Segment Start: Data excerpts

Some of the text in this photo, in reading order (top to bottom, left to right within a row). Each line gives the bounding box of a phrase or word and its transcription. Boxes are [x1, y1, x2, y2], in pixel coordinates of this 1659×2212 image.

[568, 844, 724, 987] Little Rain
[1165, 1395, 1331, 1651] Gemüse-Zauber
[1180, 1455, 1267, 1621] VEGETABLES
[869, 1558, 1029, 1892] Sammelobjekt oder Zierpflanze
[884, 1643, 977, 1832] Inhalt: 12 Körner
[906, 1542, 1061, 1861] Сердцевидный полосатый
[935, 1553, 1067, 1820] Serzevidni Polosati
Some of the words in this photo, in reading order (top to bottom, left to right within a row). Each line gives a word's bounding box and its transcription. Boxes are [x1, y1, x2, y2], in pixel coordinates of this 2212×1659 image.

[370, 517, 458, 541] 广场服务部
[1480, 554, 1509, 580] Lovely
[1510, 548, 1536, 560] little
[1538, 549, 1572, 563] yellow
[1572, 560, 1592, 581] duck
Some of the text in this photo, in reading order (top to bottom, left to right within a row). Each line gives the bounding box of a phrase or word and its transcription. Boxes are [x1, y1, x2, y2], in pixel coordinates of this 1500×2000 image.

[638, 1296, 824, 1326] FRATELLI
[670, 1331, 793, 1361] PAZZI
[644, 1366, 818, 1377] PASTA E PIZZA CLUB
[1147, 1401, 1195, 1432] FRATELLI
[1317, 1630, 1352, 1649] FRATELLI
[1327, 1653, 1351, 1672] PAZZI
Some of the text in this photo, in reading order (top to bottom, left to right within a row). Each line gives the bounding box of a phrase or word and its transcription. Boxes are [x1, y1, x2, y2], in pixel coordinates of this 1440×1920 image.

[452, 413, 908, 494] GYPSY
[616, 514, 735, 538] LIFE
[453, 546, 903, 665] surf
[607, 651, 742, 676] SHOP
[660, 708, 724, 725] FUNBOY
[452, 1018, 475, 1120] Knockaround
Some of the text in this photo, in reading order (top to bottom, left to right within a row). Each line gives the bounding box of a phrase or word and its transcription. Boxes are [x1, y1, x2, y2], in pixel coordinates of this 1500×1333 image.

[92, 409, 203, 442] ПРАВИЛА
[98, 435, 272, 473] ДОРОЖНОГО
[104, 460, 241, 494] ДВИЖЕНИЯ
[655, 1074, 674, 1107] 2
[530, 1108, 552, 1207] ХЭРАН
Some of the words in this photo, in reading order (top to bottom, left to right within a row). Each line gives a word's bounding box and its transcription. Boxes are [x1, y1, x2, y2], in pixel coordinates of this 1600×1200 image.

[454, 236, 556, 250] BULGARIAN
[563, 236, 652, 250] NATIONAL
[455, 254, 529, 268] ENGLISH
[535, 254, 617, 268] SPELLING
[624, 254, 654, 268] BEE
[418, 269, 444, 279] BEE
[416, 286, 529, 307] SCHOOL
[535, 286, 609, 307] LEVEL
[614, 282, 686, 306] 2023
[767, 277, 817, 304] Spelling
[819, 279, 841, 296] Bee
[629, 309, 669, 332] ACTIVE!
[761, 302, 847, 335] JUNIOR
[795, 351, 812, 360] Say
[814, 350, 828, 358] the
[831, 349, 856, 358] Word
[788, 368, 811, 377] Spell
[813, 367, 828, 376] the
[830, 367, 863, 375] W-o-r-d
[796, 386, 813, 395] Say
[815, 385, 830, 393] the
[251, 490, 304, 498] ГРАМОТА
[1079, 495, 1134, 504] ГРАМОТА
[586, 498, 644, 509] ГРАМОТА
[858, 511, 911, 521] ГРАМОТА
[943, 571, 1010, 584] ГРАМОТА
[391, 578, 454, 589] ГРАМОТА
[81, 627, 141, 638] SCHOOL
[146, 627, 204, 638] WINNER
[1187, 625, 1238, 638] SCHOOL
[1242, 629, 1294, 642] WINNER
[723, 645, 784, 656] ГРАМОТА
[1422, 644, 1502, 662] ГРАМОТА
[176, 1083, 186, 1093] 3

Segment End: Data excerpts

** Exercise **
Your job is to retype all of the material exactly.

** Exercise solution **
Some of the text in this photo, in reading order (top to bottom, left to right within a row). Each line gives the bounding box of a phrase or word and its transcription. Boxes are [x1, y1, x2, y2], in pixel coordinates of this 1659×2212 image.

[568, 844, 724, 987] Little Rain
[1165, 1395, 1331, 1651] Gemüse-Zauber
[1180, 1455, 1267, 1621] VEGETABLES
[869, 1558, 1029, 1892] Sammelobjekt oder Zierpflanze
[884, 1643, 977, 1832] Inhalt: 12 Körner
[906, 1542, 1061, 1861] Сердцевидный полосатый
[935, 1553, 1067, 1820] Serzevidni Polosati
Some of the words in this photo, in reading order (top to bottom, left to right within a row). Each line gives a word's bounding box and its transcription. Boxes are [x1, y1, x2, y2], in pixel coordinates of this 2212×1659 image.

[370, 517, 458, 541] 广场服务部
[1480, 554, 1509, 580] Lovely
[1510, 548, 1536, 560] little
[1538, 549, 1572, 563] yellow
[1572, 560, 1592, 581] duck
Some of the text in this photo, in reading order (top to bottom, left to right within a row). Each line gives the bounding box of a phrase or word and its transcription. Boxes are [x1, y1, x2, y2], in pixel coordinates of this 1500×2000 image.

[638, 1296, 824, 1326] FRATELLI
[670, 1331, 793, 1361] PAZZI
[644, 1366, 818, 1377] PASTA E PIZZA CLUB
[1147, 1401, 1195, 1432] FRATELLI
[1317, 1630, 1352, 1649] FRATELLI
[1327, 1653, 1351, 1672] PAZZI
Some of the text in this photo, in reading order (top to bottom, left to right within a row). Each line gives the bounding box of a phrase or word and its transcription. Boxes are [x1, y1, x2, y2], in pixel coordinates of this 1440×1920 image.

[452, 413, 908, 494] GYPSY
[616, 514, 735, 538] LIFE
[453, 546, 903, 665] surf
[607, 651, 742, 676] SHOP
[660, 708, 724, 725] FUNBOY
[452, 1018, 475, 1120] Knockaround
Some of the text in this photo, in reading order (top to bottom, left to right within a row). Each line gives the bounding box of a phrase or word and its transcription. Boxes are [x1, y1, x2, y2], in pixel coordinates of this 1500×1333 image.

[92, 409, 203, 442] ПРАВИЛА
[98, 435, 272, 473] ДОРОЖНОГО
[104, 460, 241, 494] ДВИЖЕНИЯ
[655, 1074, 674, 1107] 2
[530, 1108, 552, 1207] ХЭРАН
Some of the words in this photo, in reading order (top to bottom, left to right within a row). Each line gives a word's bounding box and its transcription. Boxes are [x1, y1, x2, y2], in pixel coordinates of this 1600×1200 image.

[454, 236, 556, 250] BULGARIAN
[563, 236, 652, 250] NATIONAL
[455, 254, 529, 268] ENGLISH
[535, 254, 617, 268] SPELLING
[624, 254, 654, 268] BEE
[418, 269, 444, 279] BEE
[416, 286, 529, 307] SCHOOL
[535, 286, 609, 307] LEVEL
[614, 282, 686, 306] 2023
[767, 277, 817, 304] Spelling
[819, 279, 841, 296] Bee
[629, 309, 669, 332] ACTIVE!
[761, 302, 847, 335] JUNIOR
[795, 351, 812, 360] Say
[814, 350, 828, 358] the
[831, 349, 856, 358] Word
[788, 368, 811, 377] Spell
[813, 367, 828, 376] the
[830, 367, 863, 375] W-o-r-d
[796, 386, 813, 395] Say
[815, 385, 830, 393] the
[251, 490, 304, 498] ГРАМОТА
[1079, 495, 1134, 504] ГРАМОТА
[586, 498, 644, 509] ГРАМОТА
[858, 511, 911, 521] ГРАМОТА
[943, 571, 1010, 584] ГРАМОТА
[391, 578, 454, 589] ГРАМОТА
[81, 627, 141, 638] SCHOOL
[146, 627, 204, 638] WINNER
[1187, 625, 1238, 638] SCHOOL
[1242, 629, 1294, 642] WINNER
[723, 645, 784, 656] ГРАМОТА
[1422, 644, 1502, 662] ГРАМОТА
[176, 1083, 186, 1093] 3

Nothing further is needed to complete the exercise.